Food: Vegan Bacon, Cabbage and Cannellini Bean Soup | Evans-Crittens | Family Lifestyle Travel & Recipe Blog, Pembrokeshire, Wales, UK. expr:class='"loading" + data:blog.mobileClass'>

Tuesday, 5 January 2016

Food: Vegan Bacon, Cabbage and Cannellini Bean Soup

Vegan Bacon Cabbage and Cannellini Bean Soup Recipe

Just before Christmas I asked Dave to make one of my favourite dishes:  (Veggie) Bacon, Cabbage and Cannellini Bean Soup.  I also asked him to share his recipe with me so I can make it too (I've made it in the past but it just didn't taste as good as his version) so I needed to learn his secret!


This January, after the excesses of Christmas I'm attempting to eat a more vegan (as opposed to my usual vegetarian) diet and also give up alcohol for the rest of the month.

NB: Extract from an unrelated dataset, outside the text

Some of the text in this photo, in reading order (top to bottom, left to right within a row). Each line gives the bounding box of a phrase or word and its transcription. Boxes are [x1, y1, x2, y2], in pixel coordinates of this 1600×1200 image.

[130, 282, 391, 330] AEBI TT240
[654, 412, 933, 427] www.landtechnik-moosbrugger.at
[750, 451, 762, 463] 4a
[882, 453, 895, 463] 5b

Thankfully, the vegetarian bacon can be substituted with vegan bacon (and of course also real bacon as Dave uses in his own dish).  I find that every year, more and more vegan products are available which help make Veganuary a lot easier.  If you are also taking part in Dry January, then you can leave out the white wine or substitute it for white wine vinegar.  It is such a rich, treat dish with the wine though.

Ingredients

2 tablespoons olive oil
1 tin of 400g Cannellini Beans
200g Savoy Cabbage (Cut into 1" squares)
230g  (2 packs) Vegan Bacon Strips (cut into 1" squares)
1 onion (chopped)
1 large carrot (chopped)
1 large potato (cubed)
1 tablespoon tomato puree
1 tablespoon mixed Italian herbs (oregano, basil, thyme, parsley,sage and bay leaf)
1 litre vegetable stock  (or 500ml vegetable bouillon + 500 ml wine if preferred)
A dash of soy sauce
black pepper

Method

Rinse and drain the tin of cannelinni beans.

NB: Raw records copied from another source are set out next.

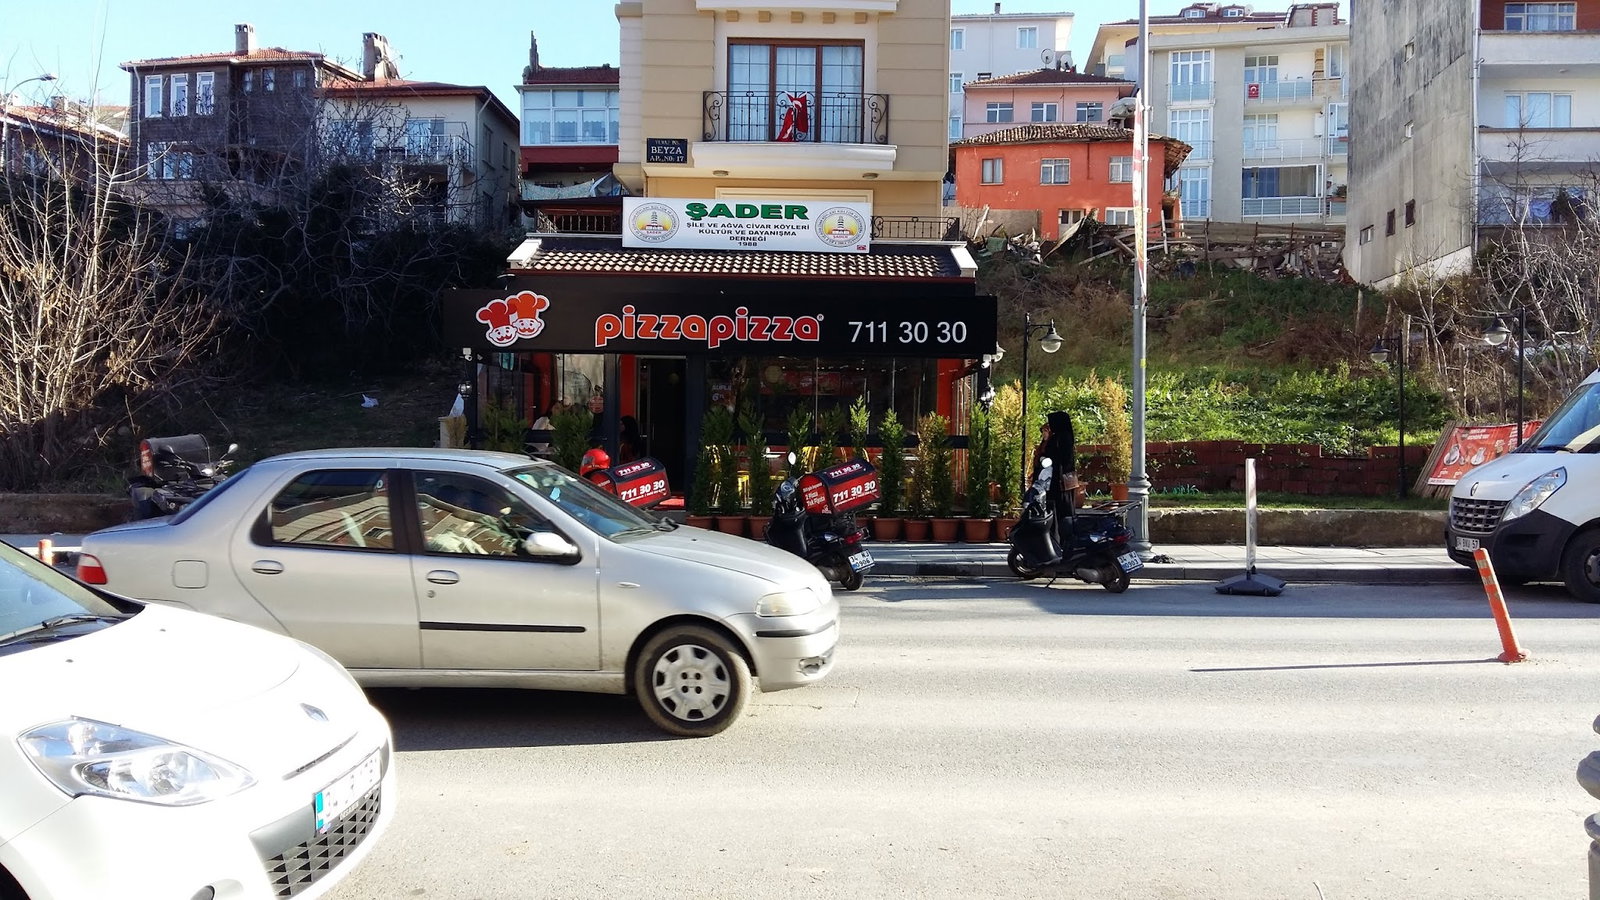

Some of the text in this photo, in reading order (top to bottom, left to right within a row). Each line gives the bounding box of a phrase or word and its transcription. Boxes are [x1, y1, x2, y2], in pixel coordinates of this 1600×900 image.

[651, 146, 682, 154] BEYZA
[685, 202, 810, 221] ŞADER
[848, 321, 967, 343] 711 30 30
[619, 467, 631, 476] 711
[830, 469, 843, 478] 711
[621, 487, 637, 500] 711
[639, 483, 651, 495] 30
[653, 479, 665, 489] 30
[833, 489, 849, 503] 711
[851, 484, 862, 496] 30
[864, 480, 876, 492] 30

Heat oil and fry the vegan bacon for 5 minutes.

Add onion and fry until softened.

Add carrots, potato and herbs and fry together for a few minutes.


Add the drained cannellini beans and the stock.

Season with pepper and soy sauce.  Cook on low heat for 20 minutes.

Add cabbage, cover and cook for approximately 10 minutes (until cabbage is tender).

Blend one third of the soup, then re-add this creamed soup to the pot.

Stir well and this delicious Vegan Bacon, Cabbage and Cannelinni Bean Soup is ready.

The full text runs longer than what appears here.